GIVEN ENTRIES below:

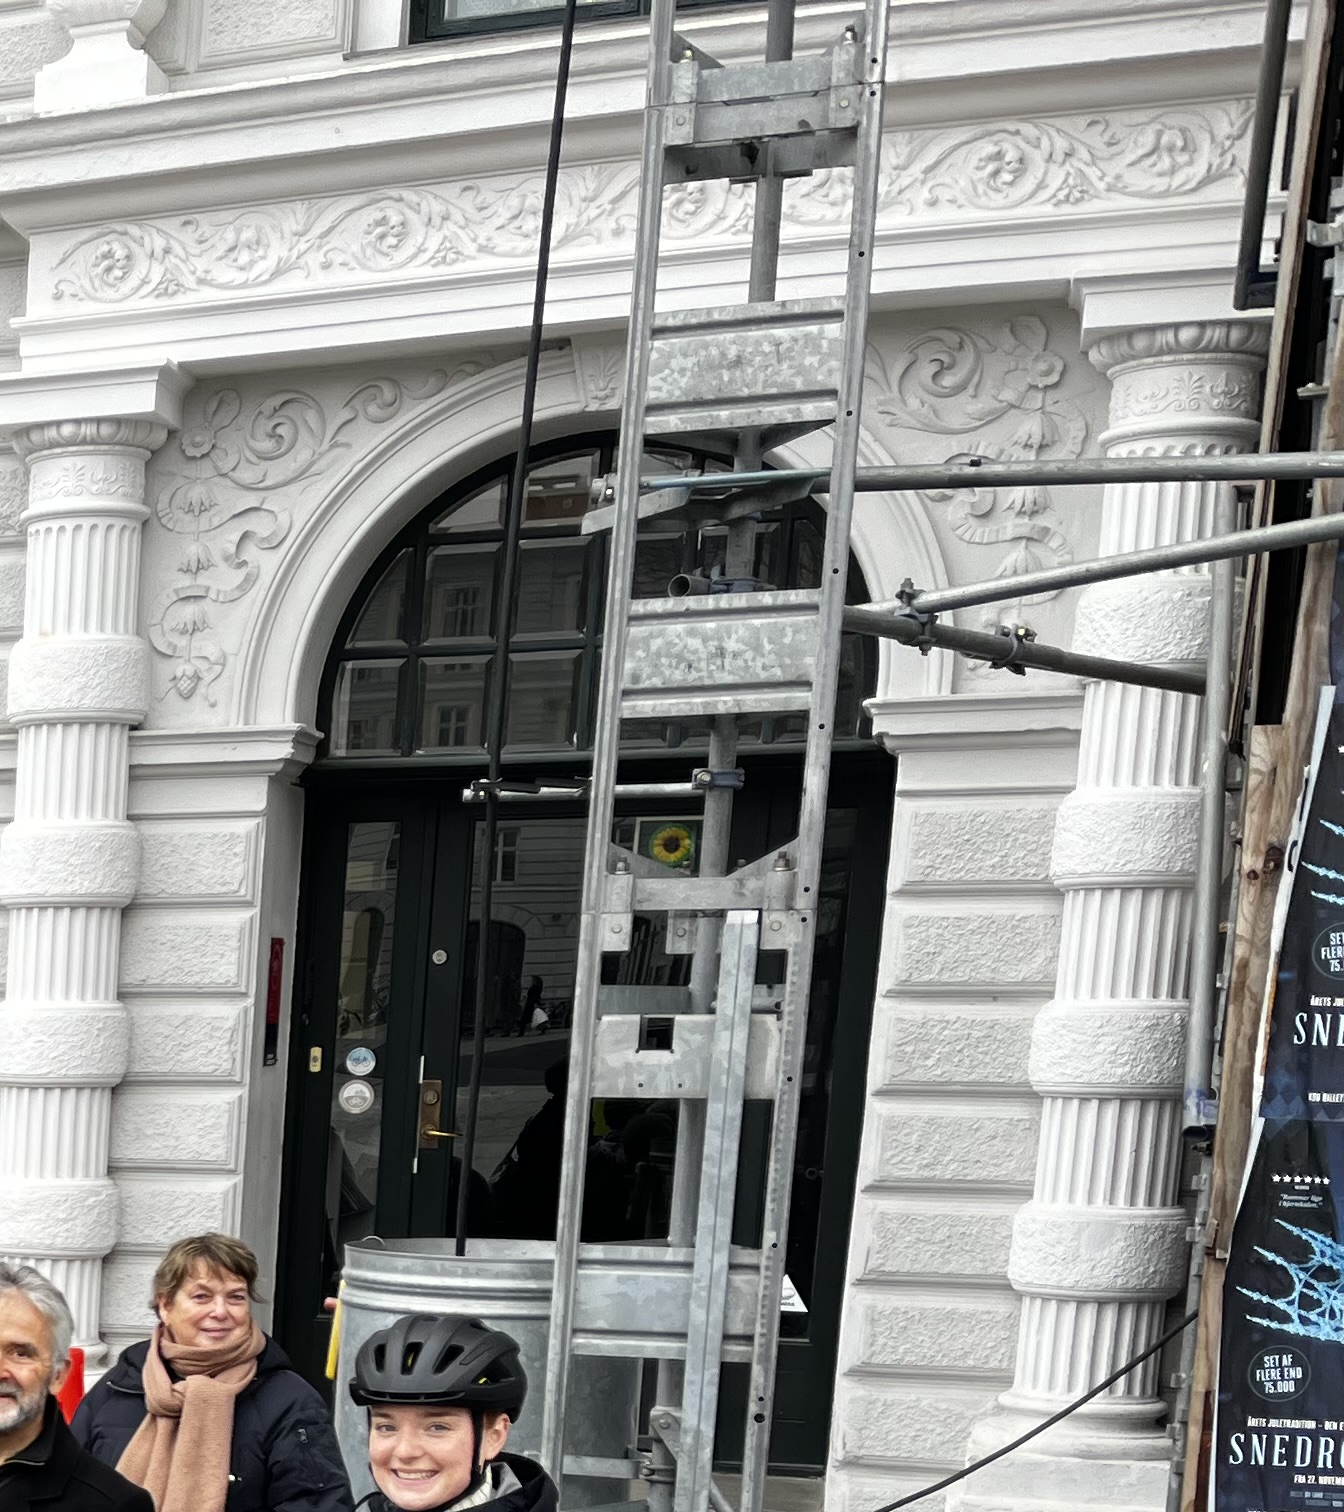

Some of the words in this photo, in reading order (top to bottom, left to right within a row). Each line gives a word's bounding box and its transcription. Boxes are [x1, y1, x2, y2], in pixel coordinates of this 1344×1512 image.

[1321, 946, 1344, 960] FLER
[1329, 959, 1344, 972] 75.
[1263, 1354, 1279, 1368] SET
[1282, 1354, 1293, 1366] AF
[1255, 1368, 1282, 1382] FLERE
[1284, 1366, 1303, 1380] END
[1264, 1380, 1296, 1393] 75.000
[1229, 1432, 1344, 1469] SNEDR
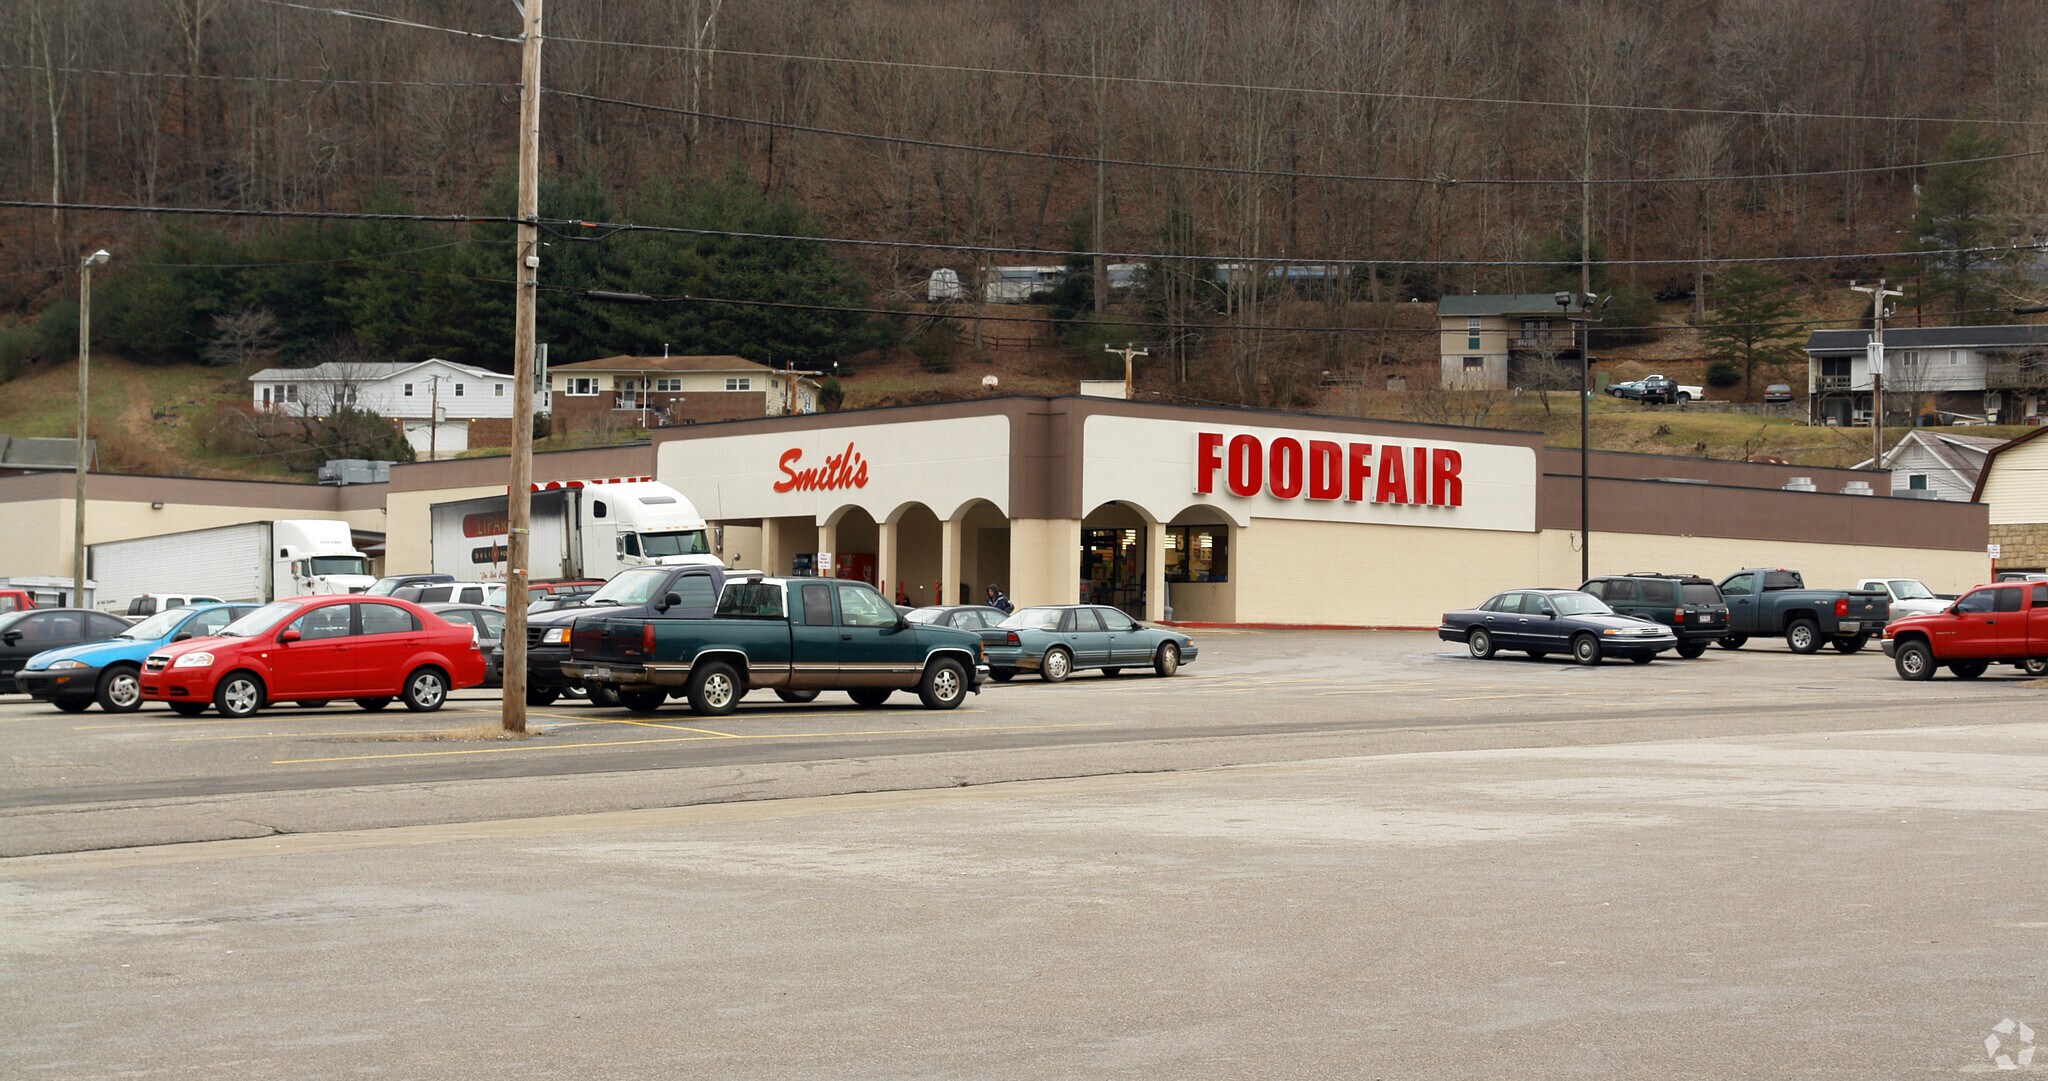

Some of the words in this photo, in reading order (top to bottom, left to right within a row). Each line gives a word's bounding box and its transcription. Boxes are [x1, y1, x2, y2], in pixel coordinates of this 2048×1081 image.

[773, 441, 868, 493] Smith's
[1193, 432, 1463, 507] FOODFAIR
[477, 516, 508, 534] LIPAR

End of GIVEN ENTRIES.

ACTIVITY >>
Give back the entries above exactly as they stand. Leave the images out.

WRITTEN RESPONSE >>
Some of the words in this photo, in reading order (top to bottom, left to right within a row). Each line gives a word's bounding box and its transcription. Boxes are [x1, y1, x2, y2], in pixel coordinates of this 1344×1512 image.

[1321, 946, 1344, 960] FLER
[1329, 959, 1344, 972] 75.
[1263, 1354, 1279, 1368] SET
[1282, 1354, 1293, 1366] AF
[1255, 1368, 1282, 1382] FLERE
[1284, 1366, 1303, 1380] END
[1264, 1380, 1296, 1393] 75.000
[1229, 1432, 1344, 1469] SNEDR

Some of the words in this photo, in reading order (top to bottom, left to right within a row). Each line gives a word's bounding box and its transcription. Boxes are [x1, y1, x2, y2], in pixel coordinates of this 2048×1081 image.

[773, 441, 868, 493] Smith's
[1193, 432, 1463, 507] FOODFAIR
[477, 516, 508, 534] LIPAR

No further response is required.